Friday, June 07, 2019

Stonefield Historic Site



Interested in Wisconsin’s agricultural history? Do you enjoy looking at early farm implements? How about the fun of visiting a 1900 replica of a farming village, along with a 1901 farmstead. Yes? Well you are in luck, because in Southwestern Wisconsin a place called Stonefield has all of these things. It’s a Wisconsin Historic Site, one of several operated by the Wisconsin Historical Society.

Stonefield is just a short drive north of picturesque Cassville, one of Wisconsin’s several towns and cities tucked up against the mighty Mississippi River. Stonefield is about a two-hour drive from Madison, and only 37 miles north of Dubuque, Iowa.

The place is steeped in history as Nelson Dewey, Wisconsin’s first Governor, farmed some 2,000 acres here at one time. His beautiful Gothic Revival home is open for tours—it’s a part of Nelson Dewey State Park, which is across the road from Stonefield.

The State Agricultural Museum is located at Stonefield. Here you can see a McCormick Reaper, along with tools large and small that depict the state’s agricultural past. Also there are walls of historic photographs. One is of a group of men raking cranberries by hand. Something I did back in the fall of 1955.

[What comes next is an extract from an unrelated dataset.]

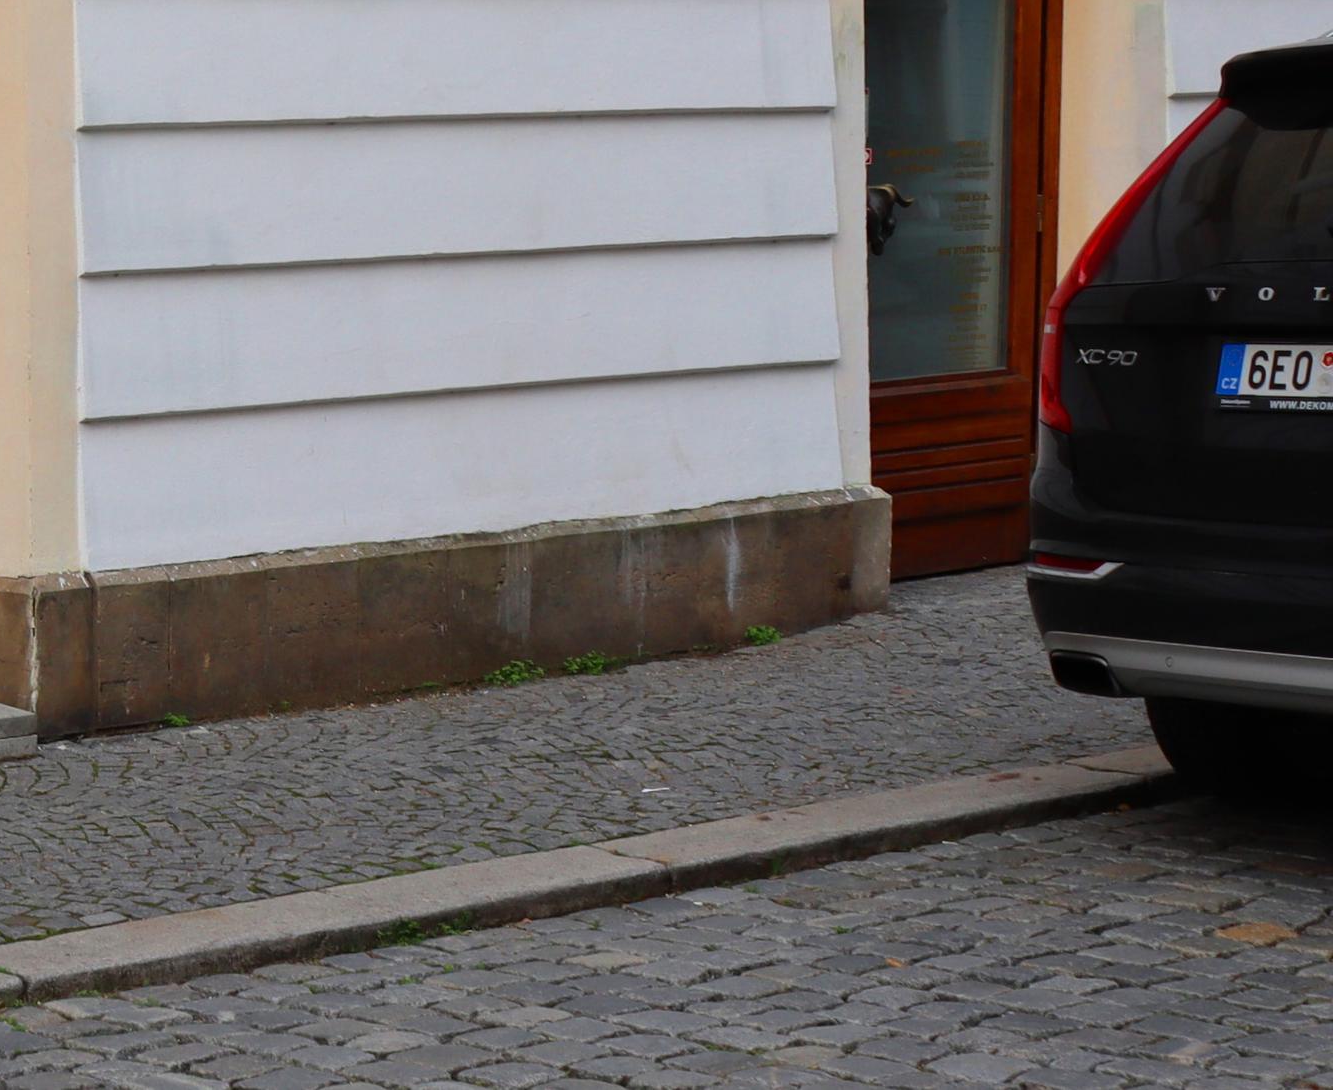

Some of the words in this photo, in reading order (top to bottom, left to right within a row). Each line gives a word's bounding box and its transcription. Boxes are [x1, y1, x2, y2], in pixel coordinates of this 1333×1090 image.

[1206, 286, 1331, 302] VOL
[1248, 350, 1313, 391] 6E0
[1220, 378, 1238, 390] CZ

Cross the covered bridge and find yourself in an early Wisconsin village, complete with a cheese factory, newspaper office, saloon, blacksmith shop, railroad depot, saw mill, bank, livery stable, a one-room school, barbershop and more. Visiting the farmstead, you’ll see a farm house, dairy barn, corn crib, chicken coop, and hog house.

What a great place to relive your childhood and to bring the kids and grandkids to show them some early Wisconsin history. Go to: https://stonefield.wisconsinhistory.org/ for more information.

THE OLD-TIMER SAYS: When we forget our histories, we forget who we are.

ANNOUNCEMENT: My “Telling Your Story” Writing Class at The Clearing in Door County is set for July 19, 9-4. Call 920-854-4880 if you are interested in attending. The class usually fills, so you may want to reserve a spot sooner than later.

UPCOMING EVENTS:
July 12, 6:00 p.m. Frank B. Koller, Memorial Library, 2 US-51, Manitowish Waters. Old Farm Country Cookbook, with co-author, Susan Apps-Bodilly.

BOOKS FOR SUMMER READING:

Want a book to read this summer? Here are two more of my novels for your consideration.
Each deals with a contemporary rural issue. Purchase from your local bookstore, or buy them from the Friends of the Patterson Memorial Library in Wild Rose—a fundraiser for them. Phone: 920-622-3835 for prices and ordering.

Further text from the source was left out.